▸ **WHAT THE TASK ASKS**:
Restating the records exactly is the whole task.

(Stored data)
__________

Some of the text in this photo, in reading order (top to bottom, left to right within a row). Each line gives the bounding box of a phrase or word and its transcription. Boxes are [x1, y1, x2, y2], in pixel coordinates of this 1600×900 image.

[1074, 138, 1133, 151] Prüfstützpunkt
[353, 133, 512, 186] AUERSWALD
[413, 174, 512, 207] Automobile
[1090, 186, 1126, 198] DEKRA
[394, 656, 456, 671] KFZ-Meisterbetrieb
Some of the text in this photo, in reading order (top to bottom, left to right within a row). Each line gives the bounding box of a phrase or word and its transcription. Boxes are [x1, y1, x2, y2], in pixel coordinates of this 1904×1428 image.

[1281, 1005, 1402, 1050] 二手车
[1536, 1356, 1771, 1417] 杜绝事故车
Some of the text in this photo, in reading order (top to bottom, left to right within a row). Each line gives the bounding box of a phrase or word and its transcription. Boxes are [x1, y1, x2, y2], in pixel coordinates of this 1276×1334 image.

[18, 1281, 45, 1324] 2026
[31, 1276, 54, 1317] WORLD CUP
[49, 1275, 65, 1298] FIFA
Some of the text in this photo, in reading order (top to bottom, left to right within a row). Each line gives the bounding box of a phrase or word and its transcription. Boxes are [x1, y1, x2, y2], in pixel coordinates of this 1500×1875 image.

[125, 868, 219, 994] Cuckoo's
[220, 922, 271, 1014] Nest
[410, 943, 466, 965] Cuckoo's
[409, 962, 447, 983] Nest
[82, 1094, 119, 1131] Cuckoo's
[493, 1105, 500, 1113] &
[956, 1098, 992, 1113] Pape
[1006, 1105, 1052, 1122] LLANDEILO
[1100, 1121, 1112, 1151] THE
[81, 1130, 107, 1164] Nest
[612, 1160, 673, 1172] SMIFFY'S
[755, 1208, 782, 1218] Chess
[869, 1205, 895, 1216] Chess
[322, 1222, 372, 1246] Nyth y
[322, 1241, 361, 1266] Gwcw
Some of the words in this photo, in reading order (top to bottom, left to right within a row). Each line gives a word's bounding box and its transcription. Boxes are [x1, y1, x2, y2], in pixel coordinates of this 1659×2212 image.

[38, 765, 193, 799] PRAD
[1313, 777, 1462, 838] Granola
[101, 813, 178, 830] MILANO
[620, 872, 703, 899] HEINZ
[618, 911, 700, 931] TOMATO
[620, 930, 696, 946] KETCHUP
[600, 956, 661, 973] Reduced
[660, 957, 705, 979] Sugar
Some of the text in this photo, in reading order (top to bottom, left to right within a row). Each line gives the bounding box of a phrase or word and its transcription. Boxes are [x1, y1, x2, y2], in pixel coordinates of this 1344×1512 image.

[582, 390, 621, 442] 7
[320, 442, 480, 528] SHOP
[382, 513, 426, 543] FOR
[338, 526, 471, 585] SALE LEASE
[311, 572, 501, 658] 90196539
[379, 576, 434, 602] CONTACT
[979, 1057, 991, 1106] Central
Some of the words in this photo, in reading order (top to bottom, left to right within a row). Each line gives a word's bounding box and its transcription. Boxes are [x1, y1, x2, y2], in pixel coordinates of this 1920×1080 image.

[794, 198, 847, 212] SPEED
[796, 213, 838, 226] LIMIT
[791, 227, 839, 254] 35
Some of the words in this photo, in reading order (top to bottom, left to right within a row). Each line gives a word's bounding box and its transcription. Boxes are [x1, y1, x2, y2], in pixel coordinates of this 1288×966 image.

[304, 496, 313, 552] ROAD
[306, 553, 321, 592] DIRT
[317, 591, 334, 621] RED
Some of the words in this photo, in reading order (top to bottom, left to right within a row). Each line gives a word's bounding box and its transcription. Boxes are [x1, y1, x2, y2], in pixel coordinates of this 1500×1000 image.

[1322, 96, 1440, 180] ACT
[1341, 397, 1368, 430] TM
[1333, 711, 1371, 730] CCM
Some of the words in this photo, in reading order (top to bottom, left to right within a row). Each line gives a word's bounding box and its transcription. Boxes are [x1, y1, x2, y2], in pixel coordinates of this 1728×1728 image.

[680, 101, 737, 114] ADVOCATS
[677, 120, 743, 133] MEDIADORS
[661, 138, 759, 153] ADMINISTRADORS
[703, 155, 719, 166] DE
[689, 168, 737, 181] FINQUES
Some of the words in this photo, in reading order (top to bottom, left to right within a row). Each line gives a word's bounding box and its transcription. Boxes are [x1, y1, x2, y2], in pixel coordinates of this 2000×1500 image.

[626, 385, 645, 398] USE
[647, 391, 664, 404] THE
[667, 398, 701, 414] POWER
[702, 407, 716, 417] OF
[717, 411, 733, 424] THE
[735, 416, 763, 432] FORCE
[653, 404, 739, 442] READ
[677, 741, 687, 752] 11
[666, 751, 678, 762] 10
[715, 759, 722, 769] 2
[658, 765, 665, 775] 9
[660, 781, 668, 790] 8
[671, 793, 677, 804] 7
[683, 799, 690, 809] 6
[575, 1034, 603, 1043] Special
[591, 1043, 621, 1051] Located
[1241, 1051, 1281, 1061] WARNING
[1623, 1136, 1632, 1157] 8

__________

▸ **YOUR SOLUTION**:
Some of the text in this photo, in reading order (top to bottom, left to right within a row). Each line gives the bounding box of a phrase or word and its transcription. Boxes are [x1, y1, x2, y2], in pixel coordinates of this 1600×900 image.

[1074, 138, 1133, 151] Prüfstützpunkt
[353, 133, 512, 186] AUERSWALD
[413, 174, 512, 207] Automobile
[1090, 186, 1126, 198] DEKRA
[394, 656, 456, 671] KFZ-Meisterbetrieb
Some of the text in this photo, in reading order (top to bottom, left to right within a row). Each line gives the bounding box of a phrase or word and its transcription. Boxes are [x1, y1, x2, y2], in pixel coordinates of this 1904×1428 image.

[1281, 1005, 1402, 1050] 二手车
[1536, 1356, 1771, 1417] 杜绝事故车
Some of the text in this photo, in reading order (top to bottom, left to right within a row). Each line gives the bounding box of a phrase or word and its transcription. Boxes are [x1, y1, x2, y2], in pixel coordinates of this 1276×1334 image.

[18, 1281, 45, 1324] 2026
[31, 1276, 54, 1317] WORLD CUP
[49, 1275, 65, 1298] FIFA
Some of the text in this photo, in reading order (top to bottom, left to right within a row). Each line gives the bounding box of a phrase or word and its transcription. Boxes are [x1, y1, x2, y2], in pixel coordinates of this 1500×1875 image.

[125, 868, 219, 994] Cuckoo's
[220, 922, 271, 1014] Nest
[410, 943, 466, 965] Cuckoo's
[409, 962, 447, 983] Nest
[82, 1094, 119, 1131] Cuckoo's
[493, 1105, 500, 1113] &
[956, 1098, 992, 1113] Pape
[1006, 1105, 1052, 1122] LLANDEILO
[1100, 1121, 1112, 1151] THE
[81, 1130, 107, 1164] Nest
[612, 1160, 673, 1172] SMIFFY'S
[755, 1208, 782, 1218] Chess
[869, 1205, 895, 1216] Chess
[322, 1222, 372, 1246] Nyth y
[322, 1241, 361, 1266] Gwcw
Some of the words in this photo, in reading order (top to bottom, left to right within a row). Each line gives a word's bounding box and its transcription. Boxes are [x1, y1, x2, y2], in pixel coordinates of this 1659×2212 image.

[38, 765, 193, 799] PRAD
[1313, 777, 1462, 838] Granola
[101, 813, 178, 830] MILANO
[620, 872, 703, 899] HEINZ
[618, 911, 700, 931] TOMATO
[620, 930, 696, 946] KETCHUP
[600, 956, 661, 973] Reduced
[660, 957, 705, 979] Sugar
Some of the text in this photo, in reading order (top to bottom, left to right within a row). Each line gives the bounding box of a phrase or word and its transcription. Boxes are [x1, y1, x2, y2], in pixel coordinates of this 1344×1512 image.

[582, 390, 621, 442] 7
[320, 442, 480, 528] SHOP
[382, 513, 426, 543] FOR
[338, 526, 471, 585] SALE LEASE
[311, 572, 501, 658] 90196539
[379, 576, 434, 602] CONTACT
[979, 1057, 991, 1106] Central
Some of the words in this photo, in reading order (top to bottom, left to right within a row). Each line gives a word's bounding box and its transcription. Boxes are [x1, y1, x2, y2], in pixel coordinates of this 1920×1080 image.

[794, 198, 847, 212] SPEED
[796, 213, 838, 226] LIMIT
[791, 227, 839, 254] 35
Some of the words in this photo, in reading order (top to bottom, left to right within a row). Each line gives a word's bounding box and its transcription. Boxes are [x1, y1, x2, y2], in pixel coordinates of this 1288×966 image.

[304, 496, 313, 552] ROAD
[306, 553, 321, 592] DIRT
[317, 591, 334, 621] RED
Some of the words in this photo, in reading order (top to bottom, left to right within a row). Each line gives a word's bounding box and its transcription. Boxes are [x1, y1, x2, y2], in pixel coordinates of this 1500×1000 image.

[1322, 96, 1440, 180] ACT
[1341, 397, 1368, 430] TM
[1333, 711, 1371, 730] CCM
Some of the words in this photo, in reading order (top to bottom, left to right within a row). Each line gives a word's bounding box and its transcription. Boxes are [x1, y1, x2, y2], in pixel coordinates of this 1728×1728 image.

[680, 101, 737, 114] ADVOCATS
[677, 120, 743, 133] MEDIADORS
[661, 138, 759, 153] ADMINISTRADORS
[703, 155, 719, 166] DE
[689, 168, 737, 181] FINQUES
Some of the words in this photo, in reading order (top to bottom, left to right within a row). Each line gives a word's bounding box and its transcription. Boxes are [x1, y1, x2, y2], in pixel coordinates of this 2000×1500 image.

[626, 385, 645, 398] USE
[647, 391, 664, 404] THE
[667, 398, 701, 414] POWER
[702, 407, 716, 417] OF
[717, 411, 733, 424] THE
[735, 416, 763, 432] FORCE
[653, 404, 739, 442] READ
[677, 741, 687, 752] 11
[666, 751, 678, 762] 10
[715, 759, 722, 769] 2
[658, 765, 665, 775] 9
[660, 781, 668, 790] 8
[671, 793, 677, 804] 7
[683, 799, 690, 809] 6
[575, 1034, 603, 1043] Special
[591, 1043, 621, 1051] Located
[1241, 1051, 1281, 1061] WARNING
[1623, 1136, 1632, 1157] 8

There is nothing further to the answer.